What happened

Shares of Athenex (ATNX), a clinical-stage biopharmaceutical company, slid 21.2% in the first hour of trading on Friday. The stock recovered some of that loss as investors digested pivotal trial results that the company released this morning, but it was still down 17.2% as of 12:57 p.m. EST on Friday.

So what 

Trouble on Friday the 13th started early this morning for Athenex shareholders. The company's lead candidate, an orally available version of a frequently used chemotherapy called oral paclitaxel, may have hit a roadblock. 

Oral paclitaxel provides important benefits over the intravenous version, called IV paclitaxel. Unfortunately, there were some troubling safety signals in the data Athenex released this morning.

Frustrated trader looking at stock charts.

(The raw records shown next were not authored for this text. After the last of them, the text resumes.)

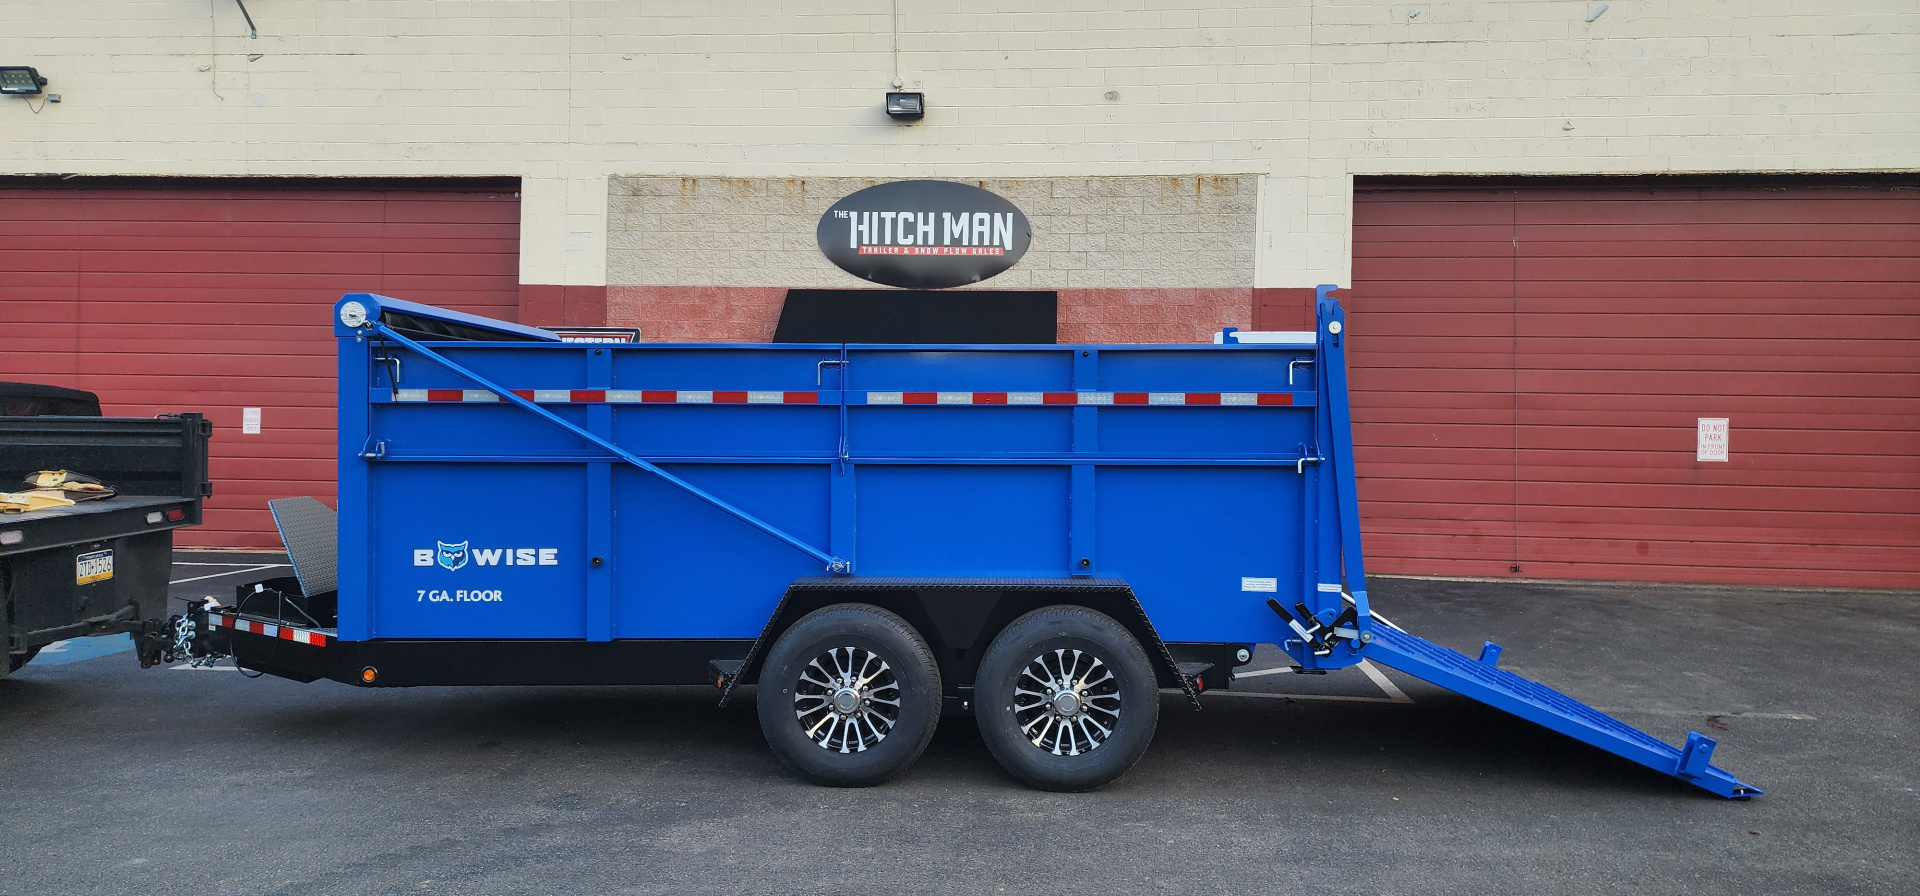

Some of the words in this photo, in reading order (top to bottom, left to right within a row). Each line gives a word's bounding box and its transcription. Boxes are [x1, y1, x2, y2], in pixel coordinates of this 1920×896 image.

[834, 210, 849, 219] THE
[849, 211, 935, 249] HITCH
[942, 212, 1014, 250] MAN
[862, 246, 899, 254] TRAILER
[914, 247, 939, 255] SNOW
[943, 247, 967, 255] PLOW
[972, 247, 1001, 255] SALES
[1701, 424, 1711, 432] DO
[1713, 424, 1726, 432] NOT
[1704, 433, 1722, 442] PARK
[416, 590, 426, 602] 7
[428, 590, 454, 602] GA.
[456, 590, 503, 602] FLOOR
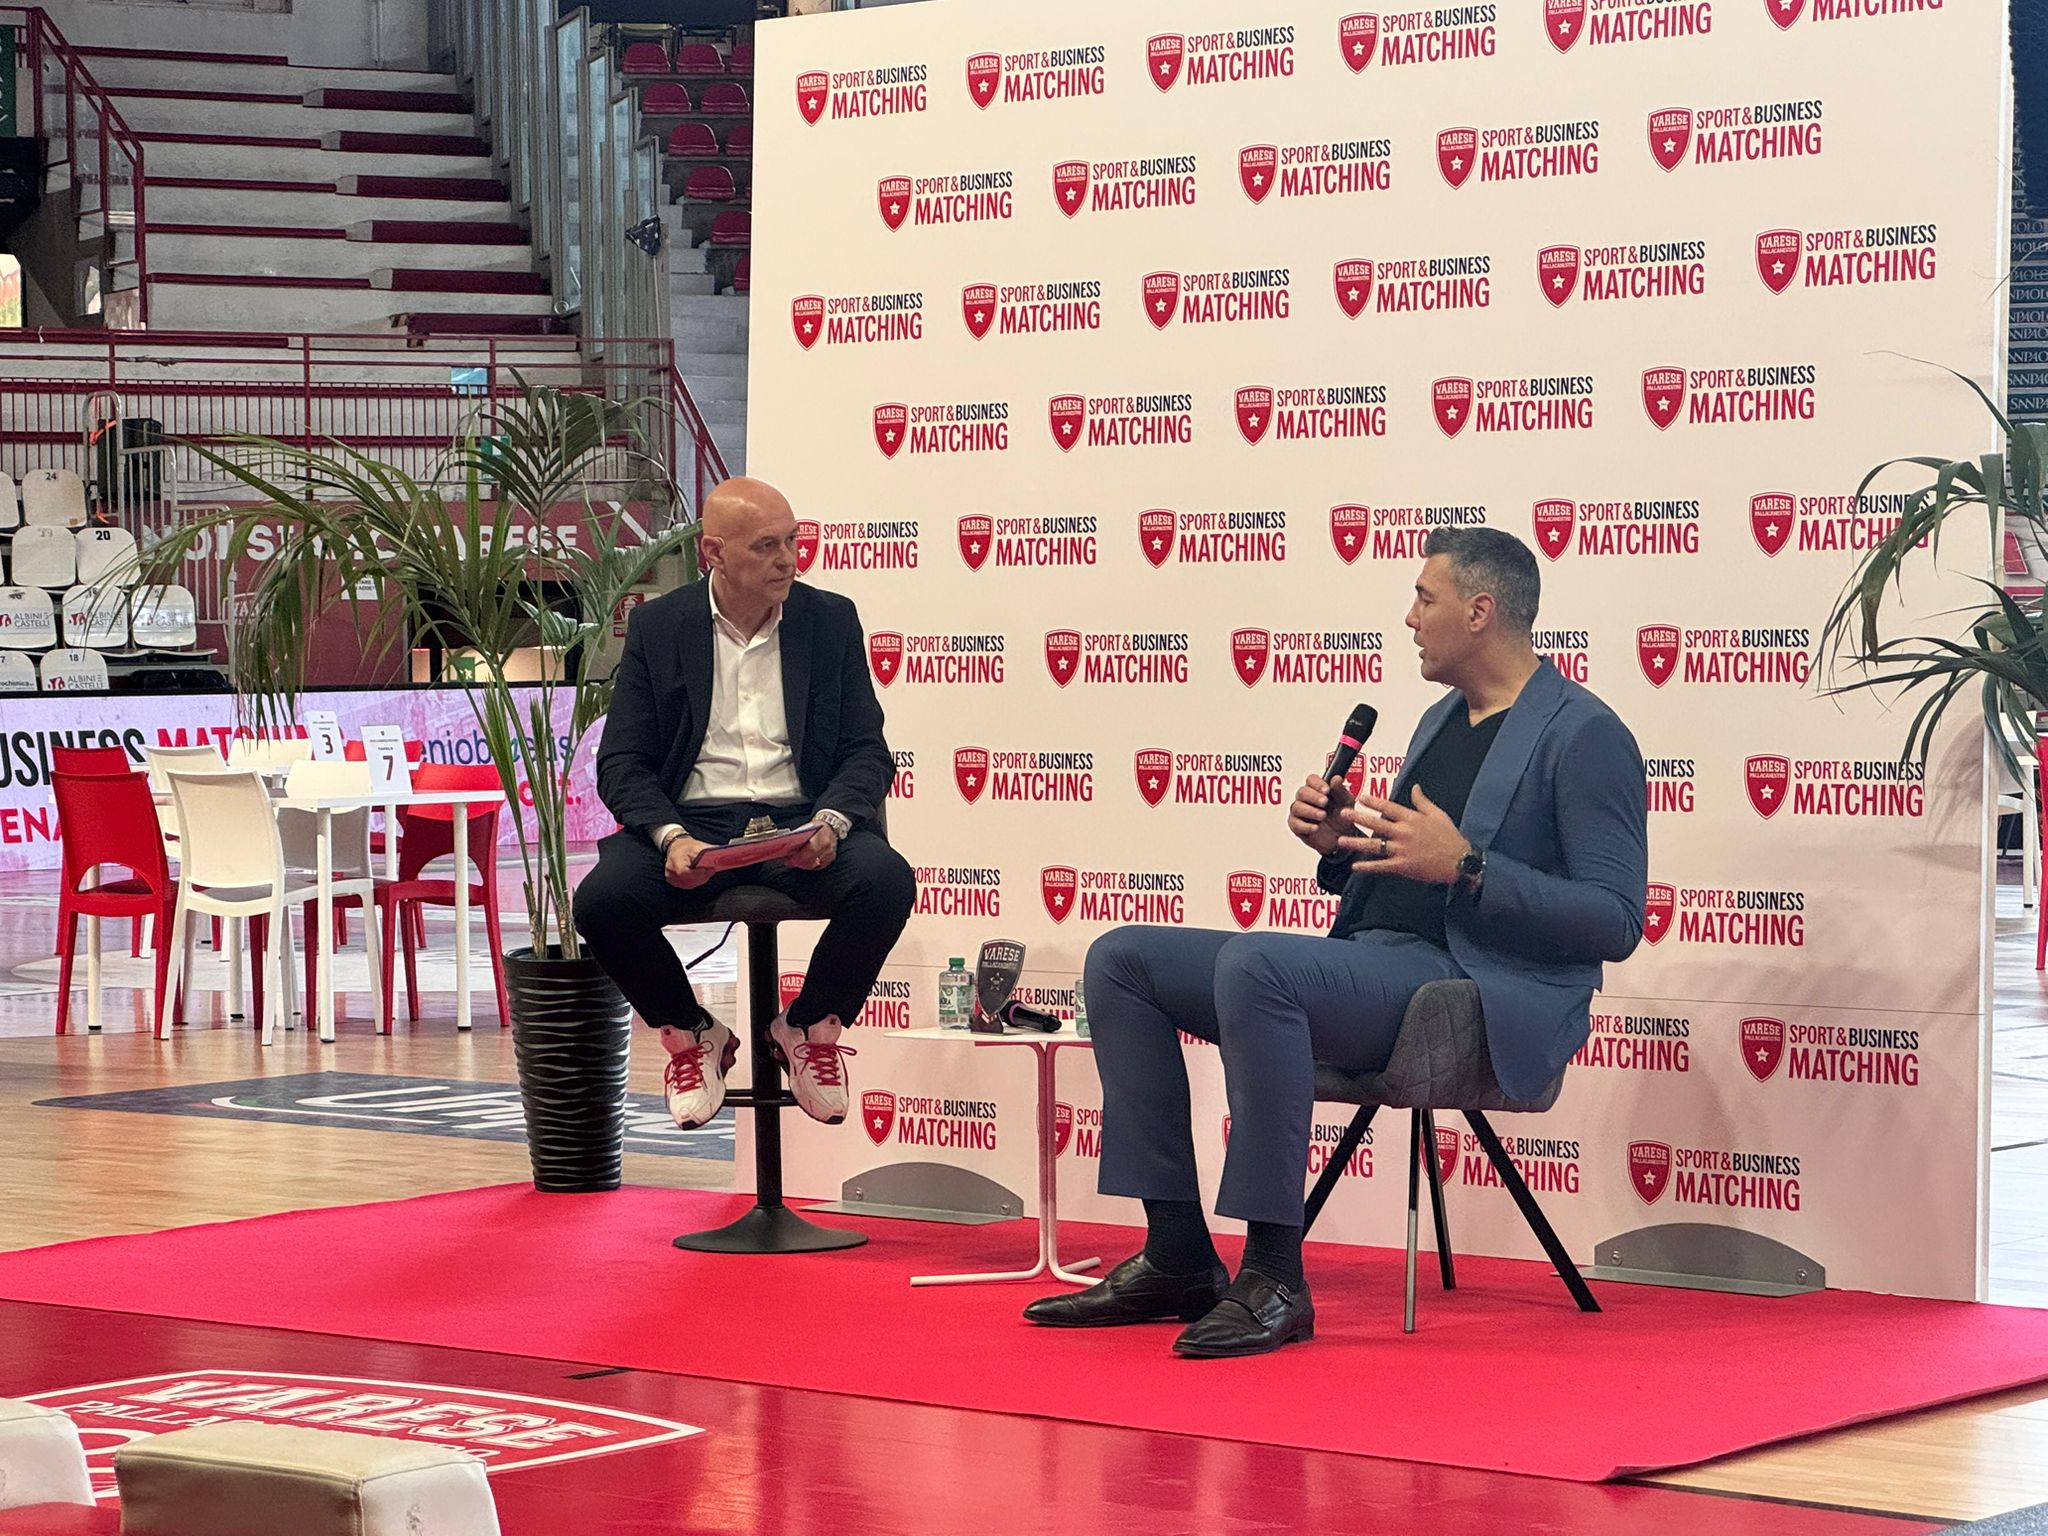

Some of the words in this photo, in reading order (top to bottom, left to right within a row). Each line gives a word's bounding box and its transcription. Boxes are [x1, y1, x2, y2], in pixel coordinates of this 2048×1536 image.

[1342, 16, 1375, 31] VARESE
[1382, 3, 1496, 33] SPORT&BUSINESS
[1590, 2, 1712, 45] MATCHING
[1150, 37, 1181, 52] VARESE
[1187, 25, 1294, 54] SPORT&BUSINESS
[1381, 25, 1496, 66] MATCHING
[969, 56, 998, 70] VARESE
[1004, 44, 1105, 72] SPORT&BUSINESS
[1187, 46, 1294, 86] MATCHING
[799, 74, 826, 88] VARESE
[832, 64, 927, 90] SPORT&BUSINESS
[1004, 65, 1104, 103] MATCHING
[832, 83, 926, 120] MATCHING
[1652, 112, 1688, 127] VARESE
[1696, 100, 1822, 130] SPORT&BUSINESS
[1440, 131, 1474, 146] VARESE
[1481, 120, 1599, 148] SPORT&BUSINESS
[1695, 123, 1822, 164] MATCHING
[1242, 148, 1274, 162] VARESE
[1280, 138, 1391, 165] SPORT&BUSINESS
[1481, 142, 1599, 182] MATCHING
[1056, 164, 1086, 178] VARESE
[1092, 154, 1196, 180] SPORT&BUSINESS
[881, 180, 909, 193] VARESE
[915, 170, 1013, 195] SPORT&BUSINESS
[1280, 160, 1391, 198] MATCHING
[1092, 175, 1196, 212] MATCHING
[915, 190, 1012, 226] MATCHING
[1760, 233, 1798, 248] VARESE
[1806, 224, 1936, 251] SPORT&BUSINESS
[1541, 249, 1576, 263] VARESE
[1583, 240, 1705, 266] SPORT&BUSINESS
[1337, 263, 1370, 277] VARESE
[1377, 255, 1491, 280] SPORT&BUSINESS
[1805, 247, 1936, 287] MATCHING
[1000, 280, 1100, 303] SPORT&BUSINESS
[1146, 276, 1177, 289] VARESE
[1183, 268, 1290, 292] SPORT&BUSINESS
[1583, 262, 1705, 301] MATCHING
[795, 299, 822, 311] VARESE
[828, 292, 922, 314] SPORT&BUSINESS
[965, 287, 994, 300] VARESE
[1376, 277, 1490, 314] MATCHING
[1000, 300, 1100, 334] MATCHING
[1183, 289, 1290, 324] MATCHING
[827, 312, 922, 345] MATCHING
[1435, 381, 1469, 394] VARESE
[1476, 375, 1594, 399] SPORT&BUSINESS
[1646, 371, 1682, 385] VARESE
[1689, 365, 1815, 389] SPORT&BUSINESS
[1052, 399, 1082, 411] VARESE
[1088, 394, 1192, 415] SPORT&BUSINESS
[1238, 390, 1270, 403] VARESE
[1276, 385, 1386, 408] SPORT&BUSINESS
[1689, 388, 1815, 424] MATCHING
[877, 407, 905, 419] VARESE
[911, 402, 1008, 423] SPORT&BUSINESS
[1276, 406, 1386, 440] MATCHING
[1475, 397, 1593, 432] MATCHING
[910, 422, 1008, 454] MATCHING
[1088, 414, 1191, 447] MATCHING
[46, 472, 56, 480] 24
[1536, 503, 1571, 516] VARESE
[1578, 500, 1700, 521] SPORT&BUSINESS
[1754, 497, 1791, 510] VARESE
[961, 519, 990, 530] VARESE
[996, 516, 1096, 535] SPORT&BUSINESS
[1142, 514, 1172, 526] VARESE
[1179, 510, 1286, 530] SPORT&BUSINESS
[1333, 509, 1366, 522] VARESE
[1373, 506, 1487, 526] SPORT&BUSINESS
[96, 530, 110, 540] 20
[823, 521, 917, 539] SPORT&BUSINESS
[1578, 522, 1700, 556] MATCHING
[823, 540, 917, 570] MATCHING
[996, 536, 1096, 566] MATCHING
[1178, 532, 1285, 563] MATCHING
[872, 636, 900, 646] VARESE
[906, 635, 1004, 652] SPORT&BUSINESS
[1049, 634, 1078, 646] VARESE
[1084, 634, 1188, 651] SPORT&BUSINESS
[1235, 633, 1266, 644] VARESE
[1273, 632, 1383, 650] SPORT&BUSINESS
[1641, 630, 1677, 642] VARESE
[1684, 629, 1810, 648] SPORT&BUSINESS
[70, 654, 78, 662] 18
[906, 655, 1003, 683] MATCHING
[1084, 654, 1188, 683] MATCHING
[1272, 653, 1383, 683] MATCHING
[1684, 652, 1810, 683] MATCHING
[322, 734, 334, 754] 3
[382, 755, 394, 780] 7
[958, 752, 987, 763] VARESE
[993, 752, 1093, 770] SPORT&BUSINESS
[1139, 753, 1169, 765] VARESE
[1176, 754, 1282, 772] SPORT&BUSINESS
[1749, 759, 1786, 772] VARESE
[1794, 760, 1924, 780] SPORT&BUSINESS
[992, 772, 1092, 802] MATCHING
[1175, 774, 1282, 805] MATCHING
[1793, 782, 1923, 817] MATCHING
[1044, 870, 1074, 882] VARESE
[1080, 871, 1184, 892] SPORT&BUSINESS
[1230, 876, 1262, 888] VARESE
[1080, 891, 1183, 924] MATCHING
[1679, 888, 1805, 911] SPORT&BUSINESS
[1679, 911, 1804, 947] MATCHING
[984, 946, 1020, 962] VARESE
[1744, 1022, 1781, 1036] VARESE
[1789, 1024, 1919, 1050] SPORT&BUSINESS
[1788, 1047, 1918, 1086] MATCHING
[865, 1092, 893, 1105] VARESE
[899, 1095, 996, 1118] SPORT&BUSINESS
[899, 1114, 996, 1149] MATCHING
[1631, 1145, 1667, 1160] VARESE
[1675, 1148, 1800, 1176] SPORT&BUSINESS
[1674, 1170, 1800, 1211] MATCHING
[116, 1380, 619, 1450] VARESE

Image source: Getty Images.

During a pivotal study with advanced-stage breast cancer patients, oral paclitaxel shrank tumors for 35.8% of patients, compared with just 23.4% of patients treated with IV paclitaxel. As expected, there was far less risk of nerve damage in the oral paclitaxel group, but there were higher rates of neutropenia, infection, and gastrointestinal issues. The stock was beaten down because Athenex wasn't specific about how much higher the rates of those adverse events were in terms of severity or frequency.

Now what

Although the response-rate differences weren't exactly amazing, less nerve damage tilts the risk-to-benefit ratio heavily in oral paclitaxel's favor. But if it significantly increases patients' risk of white blood cell loss and opportunistic infections, the stock will tank.

Investors won't have to wait long to learn the fate of oral paclitaxel, and perhaps Athenex's entire orally available chemotherapy pipeline. The company will add some color to the announcement at 4:15 p.m. EST today in an oral presentation at the 2019 San Antonio Breast Cancer Symposium.